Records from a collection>
-- Opening Marker --

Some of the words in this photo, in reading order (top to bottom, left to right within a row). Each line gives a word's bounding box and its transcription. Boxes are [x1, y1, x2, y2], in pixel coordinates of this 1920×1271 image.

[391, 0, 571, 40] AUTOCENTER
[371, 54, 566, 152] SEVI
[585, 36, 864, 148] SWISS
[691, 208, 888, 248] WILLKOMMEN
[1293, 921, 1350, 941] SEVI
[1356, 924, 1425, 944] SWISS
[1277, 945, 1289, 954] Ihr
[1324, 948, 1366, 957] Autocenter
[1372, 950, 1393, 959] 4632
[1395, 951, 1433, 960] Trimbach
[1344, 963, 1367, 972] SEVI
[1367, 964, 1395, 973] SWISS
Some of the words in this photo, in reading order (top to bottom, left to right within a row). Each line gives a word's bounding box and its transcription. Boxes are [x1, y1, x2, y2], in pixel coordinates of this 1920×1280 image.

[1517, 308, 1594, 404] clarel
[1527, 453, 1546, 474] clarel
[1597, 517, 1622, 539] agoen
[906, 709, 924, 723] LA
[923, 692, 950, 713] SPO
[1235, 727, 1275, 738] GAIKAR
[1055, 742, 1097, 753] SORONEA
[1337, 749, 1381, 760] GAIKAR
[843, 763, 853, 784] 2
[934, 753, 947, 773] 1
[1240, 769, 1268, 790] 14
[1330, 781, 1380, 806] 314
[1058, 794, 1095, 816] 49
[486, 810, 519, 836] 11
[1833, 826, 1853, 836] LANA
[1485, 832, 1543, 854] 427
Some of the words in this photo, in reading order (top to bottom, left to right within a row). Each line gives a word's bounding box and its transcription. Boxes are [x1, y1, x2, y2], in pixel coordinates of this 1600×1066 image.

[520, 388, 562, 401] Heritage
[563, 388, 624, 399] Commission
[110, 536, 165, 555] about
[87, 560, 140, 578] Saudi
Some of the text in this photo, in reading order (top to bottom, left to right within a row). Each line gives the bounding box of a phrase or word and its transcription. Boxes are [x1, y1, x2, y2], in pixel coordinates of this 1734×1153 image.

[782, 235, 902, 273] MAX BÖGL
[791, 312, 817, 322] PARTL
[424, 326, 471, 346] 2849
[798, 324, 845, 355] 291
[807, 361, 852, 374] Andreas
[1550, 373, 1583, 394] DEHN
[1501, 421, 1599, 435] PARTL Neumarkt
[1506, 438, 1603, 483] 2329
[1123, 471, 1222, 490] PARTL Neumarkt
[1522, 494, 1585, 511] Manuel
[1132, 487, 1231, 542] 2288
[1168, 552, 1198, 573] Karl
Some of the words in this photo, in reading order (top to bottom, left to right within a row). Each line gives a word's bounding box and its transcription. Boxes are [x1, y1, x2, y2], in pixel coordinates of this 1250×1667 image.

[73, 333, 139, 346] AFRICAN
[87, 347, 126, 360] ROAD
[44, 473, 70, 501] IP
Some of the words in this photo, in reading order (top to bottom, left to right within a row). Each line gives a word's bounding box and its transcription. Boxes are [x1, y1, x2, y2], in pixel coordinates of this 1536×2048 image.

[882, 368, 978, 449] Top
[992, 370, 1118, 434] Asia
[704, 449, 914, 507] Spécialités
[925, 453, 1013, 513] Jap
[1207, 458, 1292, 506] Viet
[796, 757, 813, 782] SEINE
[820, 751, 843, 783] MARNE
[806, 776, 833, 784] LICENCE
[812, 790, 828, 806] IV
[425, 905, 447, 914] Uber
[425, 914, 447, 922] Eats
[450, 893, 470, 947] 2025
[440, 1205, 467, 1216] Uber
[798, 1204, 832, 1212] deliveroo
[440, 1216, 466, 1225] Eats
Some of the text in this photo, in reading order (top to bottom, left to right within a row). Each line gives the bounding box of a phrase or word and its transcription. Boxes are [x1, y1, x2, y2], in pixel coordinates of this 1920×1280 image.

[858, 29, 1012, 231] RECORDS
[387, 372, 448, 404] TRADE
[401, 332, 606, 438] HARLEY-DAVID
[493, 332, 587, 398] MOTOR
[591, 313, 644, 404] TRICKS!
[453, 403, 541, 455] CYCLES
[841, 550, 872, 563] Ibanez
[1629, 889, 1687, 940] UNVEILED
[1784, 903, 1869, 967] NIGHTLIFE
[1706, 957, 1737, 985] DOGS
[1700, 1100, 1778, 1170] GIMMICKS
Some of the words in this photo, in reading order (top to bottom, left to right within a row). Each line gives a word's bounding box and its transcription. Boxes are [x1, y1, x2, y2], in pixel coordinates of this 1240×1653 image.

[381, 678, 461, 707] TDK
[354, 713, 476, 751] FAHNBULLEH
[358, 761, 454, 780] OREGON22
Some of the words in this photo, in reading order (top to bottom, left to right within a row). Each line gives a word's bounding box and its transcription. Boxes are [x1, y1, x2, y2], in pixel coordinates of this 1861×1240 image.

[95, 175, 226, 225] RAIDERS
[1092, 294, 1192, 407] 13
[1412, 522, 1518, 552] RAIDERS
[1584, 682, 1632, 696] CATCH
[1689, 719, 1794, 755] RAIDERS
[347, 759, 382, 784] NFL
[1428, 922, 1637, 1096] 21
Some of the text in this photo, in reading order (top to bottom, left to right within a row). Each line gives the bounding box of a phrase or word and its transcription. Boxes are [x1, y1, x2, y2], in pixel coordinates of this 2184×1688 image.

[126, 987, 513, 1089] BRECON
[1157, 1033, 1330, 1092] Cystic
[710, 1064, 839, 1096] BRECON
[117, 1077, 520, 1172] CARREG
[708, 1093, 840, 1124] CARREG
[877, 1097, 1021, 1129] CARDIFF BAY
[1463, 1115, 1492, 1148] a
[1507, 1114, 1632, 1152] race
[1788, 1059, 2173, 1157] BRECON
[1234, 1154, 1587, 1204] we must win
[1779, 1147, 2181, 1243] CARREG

-- Closing Marker --

DIRECTIONS> Print all the records precisely.

ANSWER TO THE EXERCISE>
Some of the words in this photo, in reading order (top to bottom, left to right within a row). Each line gives a word's bounding box and its transcription. Boxes are [x1, y1, x2, y2], in pixel coordinates of this 1920×1271 image.

[391, 0, 571, 40] AUTOCENTER
[371, 54, 566, 152] SEVI
[585, 36, 864, 148] SWISS
[691, 208, 888, 248] WILLKOMMEN
[1293, 921, 1350, 941] SEVI
[1356, 924, 1425, 944] SWISS
[1277, 945, 1289, 954] Ihr
[1324, 948, 1366, 957] Autocenter
[1372, 950, 1393, 959] 4632
[1395, 951, 1433, 960] Trimbach
[1344, 963, 1367, 972] SEVI
[1367, 964, 1395, 973] SWISS
Some of the words in this photo, in reading order (top to bottom, left to right within a row). Each line gives a word's bounding box and its transcription. Boxes are [x1, y1, x2, y2], in pixel coordinates of this 1920×1280 image.

[1517, 308, 1594, 404] clarel
[1527, 453, 1546, 474] clarel
[1597, 517, 1622, 539] agoen
[906, 709, 924, 723] LA
[923, 692, 950, 713] SPO
[1235, 727, 1275, 738] GAIKAR
[1055, 742, 1097, 753] SORONEA
[1337, 749, 1381, 760] GAIKAR
[843, 763, 853, 784] 2
[934, 753, 947, 773] 1
[1240, 769, 1268, 790] 14
[1330, 781, 1380, 806] 314
[1058, 794, 1095, 816] 49
[486, 810, 519, 836] 11
[1833, 826, 1853, 836] LANA
[1485, 832, 1543, 854] 427
Some of the words in this photo, in reading order (top to bottom, left to right within a row). Each line gives a word's bounding box and its transcription. Boxes are [x1, y1, x2, y2], in pixel coordinates of this 1600×1066 image.

[520, 388, 562, 401] Heritage
[563, 388, 624, 399] Commission
[110, 536, 165, 555] about
[87, 560, 140, 578] Saudi
Some of the text in this photo, in reading order (top to bottom, left to right within a row). Each line gives the bounding box of a phrase or word and its transcription. Boxes are [x1, y1, x2, y2], in pixel coordinates of this 1734×1153 image.

[782, 235, 902, 273] MAX BÖGL
[791, 312, 817, 322] PARTL
[424, 326, 471, 346] 2849
[798, 324, 845, 355] 291
[807, 361, 852, 374] Andreas
[1550, 373, 1583, 394] DEHN
[1501, 421, 1599, 435] PARTL Neumarkt
[1506, 438, 1603, 483] 2329
[1123, 471, 1222, 490] PARTL Neumarkt
[1522, 494, 1585, 511] Manuel
[1132, 487, 1231, 542] 2288
[1168, 552, 1198, 573] Karl
Some of the words in this photo, in reading order (top to bottom, left to right within a row). Each line gives a word's bounding box and its transcription. Boxes are [x1, y1, x2, y2], in pixel coordinates of this 1250×1667 image.

[73, 333, 139, 346] AFRICAN
[87, 347, 126, 360] ROAD
[44, 473, 70, 501] IP
Some of the words in this photo, in reading order (top to bottom, left to right within a row). Each line gives a word's bounding box and its transcription. Boxes are [x1, y1, x2, y2], in pixel coordinates of this 1536×2048 image.

[882, 368, 978, 449] Top
[992, 370, 1118, 434] Asia
[704, 449, 914, 507] Spécialités
[925, 453, 1013, 513] Jap
[1207, 458, 1292, 506] Viet
[796, 757, 813, 782] SEINE
[820, 751, 843, 783] MARNE
[806, 776, 833, 784] LICENCE
[812, 790, 828, 806] IV
[425, 905, 447, 914] Uber
[425, 914, 447, 922] Eats
[450, 893, 470, 947] 2025
[440, 1205, 467, 1216] Uber
[798, 1204, 832, 1212] deliveroo
[440, 1216, 466, 1225] Eats
Some of the text in this photo, in reading order (top to bottom, left to right within a row). Each line gives the bounding box of a phrase or word and its transcription. Boxes are [x1, y1, x2, y2], in pixel coordinates of this 1920×1280 image.

[858, 29, 1012, 231] RECORDS
[387, 372, 448, 404] TRADE
[401, 332, 606, 438] HARLEY-DAVID
[493, 332, 587, 398] MOTOR
[591, 313, 644, 404] TRICKS!
[453, 403, 541, 455] CYCLES
[841, 550, 872, 563] Ibanez
[1629, 889, 1687, 940] UNVEILED
[1784, 903, 1869, 967] NIGHTLIFE
[1706, 957, 1737, 985] DOGS
[1700, 1100, 1778, 1170] GIMMICKS
Some of the words in this photo, in reading order (top to bottom, left to right within a row). Each line gives a word's bounding box and its transcription. Boxes are [x1, y1, x2, y2], in pixel coordinates of this 1240×1653 image.

[381, 678, 461, 707] TDK
[354, 713, 476, 751] FAHNBULLEH
[358, 761, 454, 780] OREGON22
Some of the words in this photo, in reading order (top to bottom, left to right within a row). Each line gives a word's bounding box and its transcription. Boxes are [x1, y1, x2, y2], in pixel coordinates of this 1861×1240 image.

[95, 175, 226, 225] RAIDERS
[1092, 294, 1192, 407] 13
[1412, 522, 1518, 552] RAIDERS
[1584, 682, 1632, 696] CATCH
[1689, 719, 1794, 755] RAIDERS
[347, 759, 382, 784] NFL
[1428, 922, 1637, 1096] 21
Some of the text in this photo, in reading order (top to bottom, left to right within a row). Each line gives the bounding box of a phrase or word and its transcription. Boxes are [x1, y1, x2, y2], in pixel coordinates of this 2184×1688 image.

[126, 987, 513, 1089] BRECON
[1157, 1033, 1330, 1092] Cystic
[710, 1064, 839, 1096] BRECON
[117, 1077, 520, 1172] CARREG
[708, 1093, 840, 1124] CARREG
[877, 1097, 1021, 1129] CARDIFF BAY
[1463, 1115, 1492, 1148] a
[1507, 1114, 1632, 1152] race
[1788, 1059, 2173, 1157] BRECON
[1234, 1154, 1587, 1204] we must win
[1779, 1147, 2181, 1243] CARREG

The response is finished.